Whenever a collection is entitled “The Best of,” its creators run the risk of being proven wrong. After all, what one person thinks are the best episodes of “The Dick Van Dyke Show,” for example, will more than likely be somewhat different from someone else’s.
Such is the case with sketch comedy. Watching recent snippets from “Saturday Night Live” is painful to those of us who fondly recall the ingenious work by such alum as the early Not Ready For Prime Time Players. There’s simply no comparison.
That’s why I approached “The Best of Second City – Detroit” recently with a healthy dose of skepticism. Because anything promoted as “an archive show featuring some of the best sketches, songs and satire” from the troupe’s “30-revue history” has a lot to live up to. And the risk is great to not live up to its potential.
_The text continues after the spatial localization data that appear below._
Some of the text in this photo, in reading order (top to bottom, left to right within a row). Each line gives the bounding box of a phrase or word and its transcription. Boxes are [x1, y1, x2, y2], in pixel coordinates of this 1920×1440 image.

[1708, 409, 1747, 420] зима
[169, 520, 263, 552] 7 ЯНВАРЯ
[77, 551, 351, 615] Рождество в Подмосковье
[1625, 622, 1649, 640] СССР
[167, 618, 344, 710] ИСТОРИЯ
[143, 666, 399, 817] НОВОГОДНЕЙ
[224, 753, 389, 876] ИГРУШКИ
Luckily, most scenes chosen by director Nancy Hayden and her talented cast for this latest Alternative Production are funny indeed, although not necessarily the best – and only one now seems totally out of place. (But more on that later.)
The show opens with a bang, as an engineer (Marke Sobolewski) in love with a ventriloquist’s dummy (Lauren Bickers) is confronted by his seriously concerned co-workers. (Bickers, who’s stuffed inside a duffel bag at the start of the show, gets big laughs as the wooden woman with a shocking attitude.)
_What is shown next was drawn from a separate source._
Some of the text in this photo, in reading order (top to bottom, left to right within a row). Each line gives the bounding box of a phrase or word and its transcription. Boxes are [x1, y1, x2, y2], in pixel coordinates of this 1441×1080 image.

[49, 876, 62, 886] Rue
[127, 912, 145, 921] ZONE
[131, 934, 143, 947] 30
In another laugh-filled moment, two rival mad German scientists profess their secret love for one another when it looks like their lives are about to come to a smashing halt. It’s finely executed, thanks to masterful delivery – and great accents – by Mike McGettigan and standout Tim McKendrick.
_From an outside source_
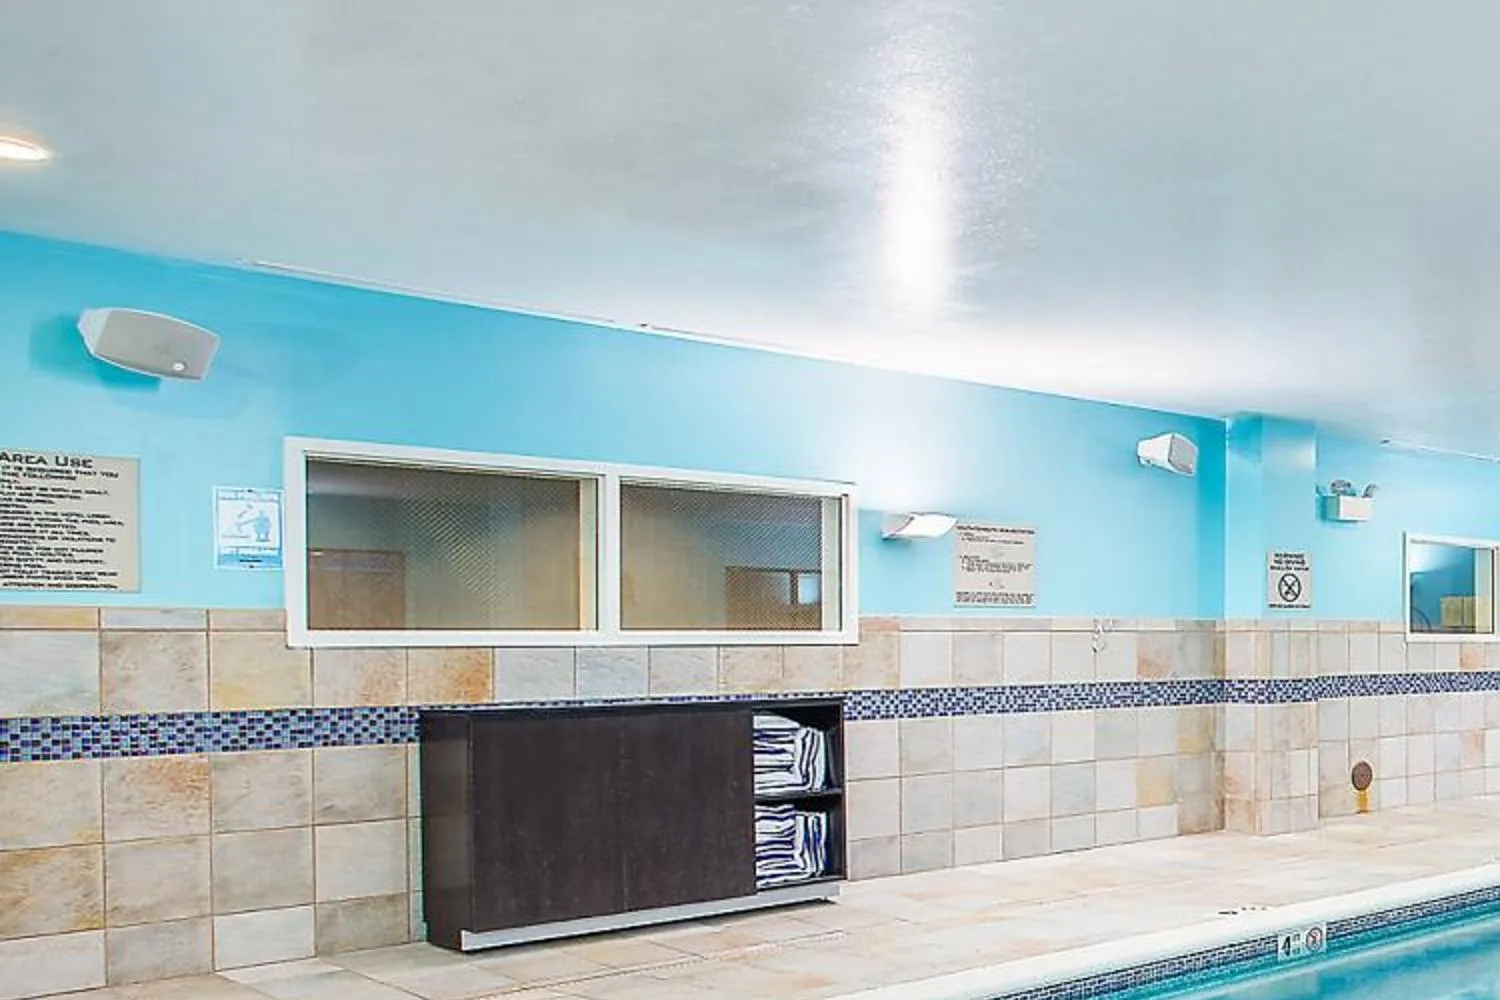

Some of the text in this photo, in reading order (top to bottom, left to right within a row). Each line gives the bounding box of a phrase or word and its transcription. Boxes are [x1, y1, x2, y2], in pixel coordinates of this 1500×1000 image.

[0, 451, 93, 469] AREA USE
[1282, 936, 1291, 957] 4
McGettigan also delivers in two other skits: one in which an Onstar advisor becomes a little too helpful, and later, as the creepy owner of a rather unusual flower shop.
One multi-part storyline that DOESN’T work finds two sportscasters (Saurin Choksi and Adam Peacock) calling the play-by-play of a typically boring Detroit Tigers game. Although Peacock is a natural at it, much has changed at Comerica Park since the topic was first addressed. The result is a commentary that’s no longer appropriate or timely, which renders it pointless and bitchy.
Actor introductions – interspersed throughout the show, rather than quickly squished together at the end – are creatively written and presented, and the evening’s major musical number, “It’s the Greatest Day of All Time,” is a rousing conclusion to the show.